Hybrid IT is an infrastructure model or approach that consists of a mix of components: on-premises IT, cloud (private, public, hybrid and/or multicloud), colocation and edge. The 2021 State of the Data Center survey asked participants about the mix, and they reported: ²
- Private cloud, 70%
- Public cloud, 68%
- Hybrid cloud, 62%
- Colocation, 49%
- Multicloud, 44%
- On-premises, 32%
How does edge computing fit into your architecture? An on-premises edge solution offers decreased latency, which helps boosts performance, and operational efficiencies – all contribute to delivering amazing customer and user experiences. But, on-premises to cloud core can often be 30-70 ms, depending upon which cloud edge you choose. Implementing a private cloud edge point of presence (PoP) at CoreSite, for example, can decrease the 30-70 ms to about 3-5 ms. Implementing a private cloud solution at the edge can drop this to <1 ms.
Hybrid Cloud Versus Multicloud ─ What’s the Difference?
Within the cloud variants, hybrid cloud and multicloud are sometimes used interchangeably, but they are different. Hybrid cloud refers to the use of both private and public cloud services that can be managed centrally through a single interface. For example, a private cloud (on-premises or in colocation) might be integrated with a public cloud. Top private cloud solutions offered by CoreSite include Microsoft Azure Stack, AWS Outpost and VMware Cloud.
Multicloud refers to the use of more than one cloud service, such as SaaS, PaaS or IaaS, from two or more private or public cloud service providers. According to one study, 92% of respondents have a multicloud strategy.³ Private multicloud strategies include Google Anthos (Google Kubernetes Engine/GKE).
Advantages of Hybrid IT
One advantage of hybrid IT is the array of options enterprises have to locate their computing resources and data. Many enterprises prefer to keep sensitive data on premises, for example, because IT teams have direct control over it for governance or compliance purposes. This trend may change as cloud providers strengthen security controls. Taking a hybrid IT approach, enterprises can design their infrastructure to suit their requirements. And, the colocation and public cloud components give them the flexibility to spin computing resources up or down – something that on-premises data centers aren’t equipped or staffed to do as quickly or cost effectively.

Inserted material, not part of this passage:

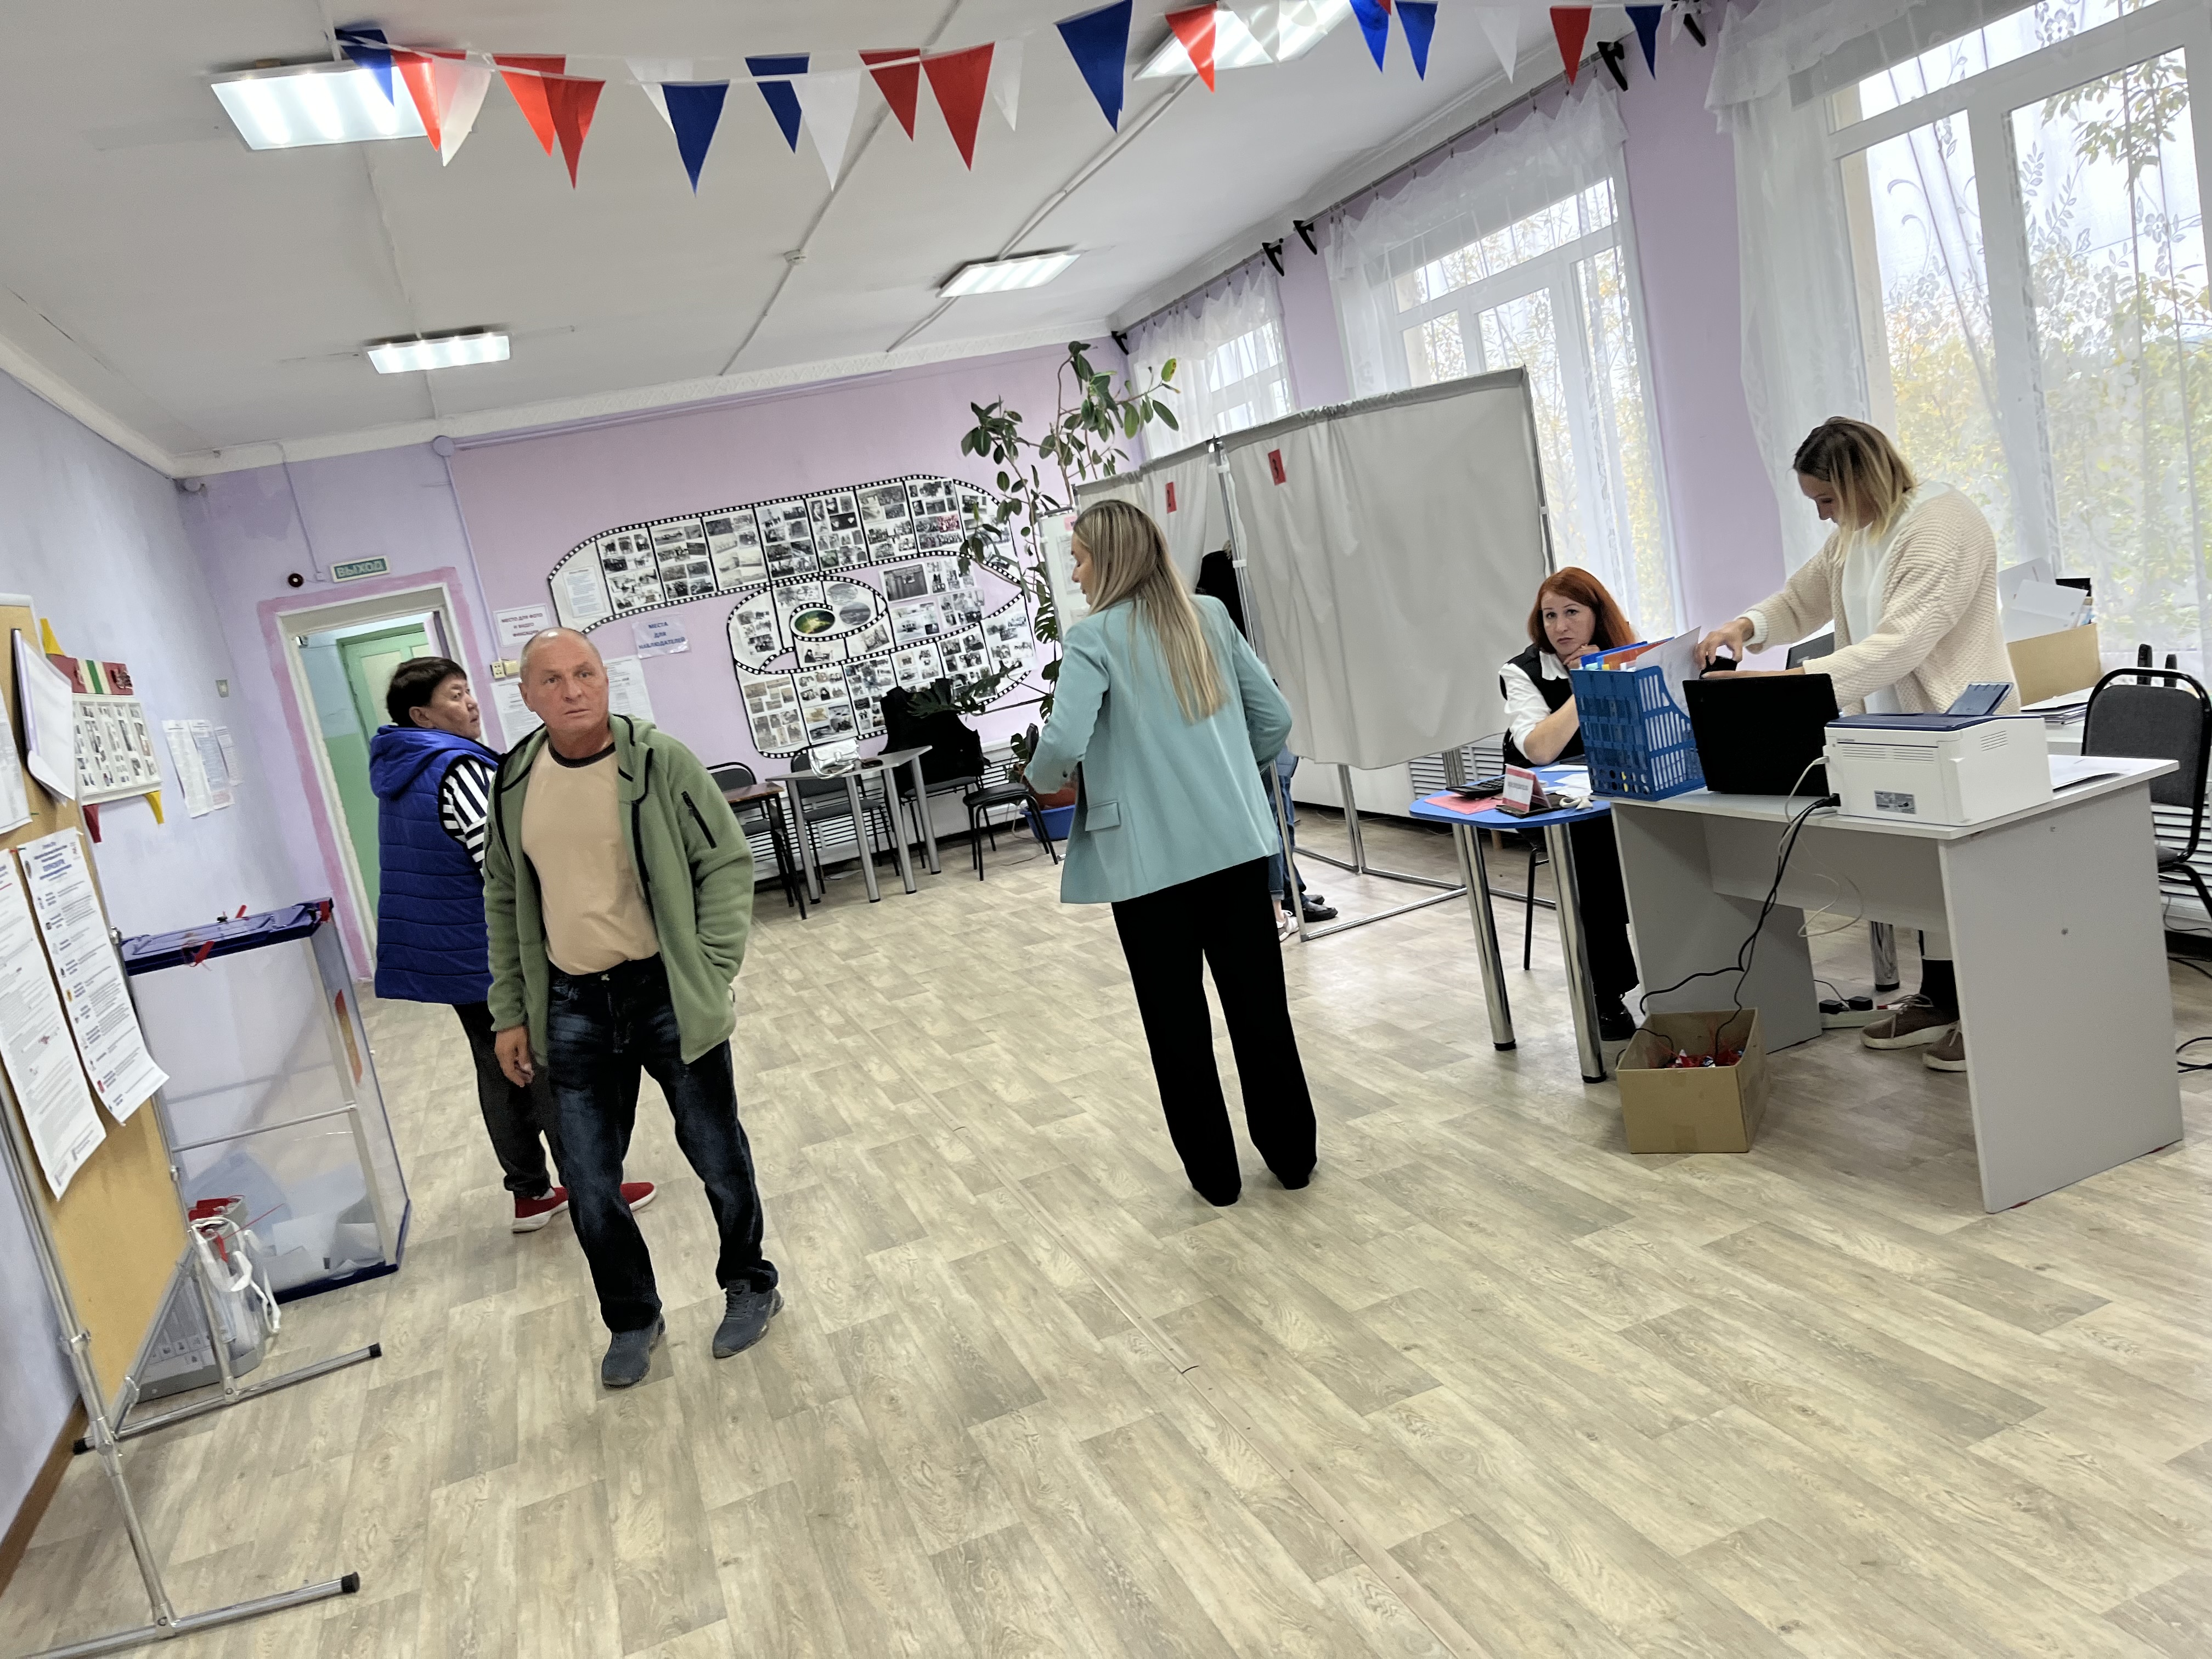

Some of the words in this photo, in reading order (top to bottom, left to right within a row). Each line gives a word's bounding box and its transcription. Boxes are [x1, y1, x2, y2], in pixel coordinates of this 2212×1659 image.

On-premises computing resources require huge capital expenditure (CapEx) investments to acquire, huge operational expenditure (OpEx) to maintain and the supporting environmental infrastructure – so spinning up and down interim resources as needed is very appealing. Your business can acquire the required resources without the taking on extra debt.
Another hybrid IT advantage relates to data and the massive growth we’ve seen and will continue to see. 5G, edge and the explosion of IoT devices mean more data will be collected, stored and analyzed to support business decisions. The computing requirements for AI/ML and big data analytics surpass what’s possible or affordable for traditional on-premises IT. Enter colocation data centers that are built to support the highest power and density requirements and even provide tech support on request.
Why Do Enterprises Take a Hybrid IT Approach?
A hybrid IT solution addresses challenges related to agility, scalability, performance, interoperability, growth, cost and risk. But, aside from tackling these challenges, some IT leaders say they don’t have a choice – that hybrid IT is essential for competitive reasons. That said, let’s look at five benefits of hybrid IT:
- Gain the flexibility to place applications and workloads where they make the most sense based on use case. As many as 47% of workloads are running in a public cloud. ⁴
- Take advantage of various cost structures such as CapEx, as-a-service and OpEx pricing. Both public cloud and colocation offer OpEx models, but colocation offers more of a fixed, controlled approach whereas public cloud costs can vary month-to-month, largely due to data egress fees.
- Reduce costs and increase data security based on certain colocation capabilities. Direct connections to cloud service providers, for example, means your data isn’t exposed to the internet but instead travels on private networks. And, direct connectivity significantly reduces data egress fees charged by the CSPs when you move data out of the cloud.
- Support remote workers with better, faster access to data. Depending on where applications and workloads reside, data no longer has to travel back and forth to the corporate, on-premises data center – a journey known for latency and performance issues.
- Enable growth and innovation. Expand into new geographic markets through colocation interconnection capabilities. An ecosystem of potential business partners, such as managed service providers, content delivery networks (CDNs) and IT service providers, simplifies and accelerates business connections and data exchange.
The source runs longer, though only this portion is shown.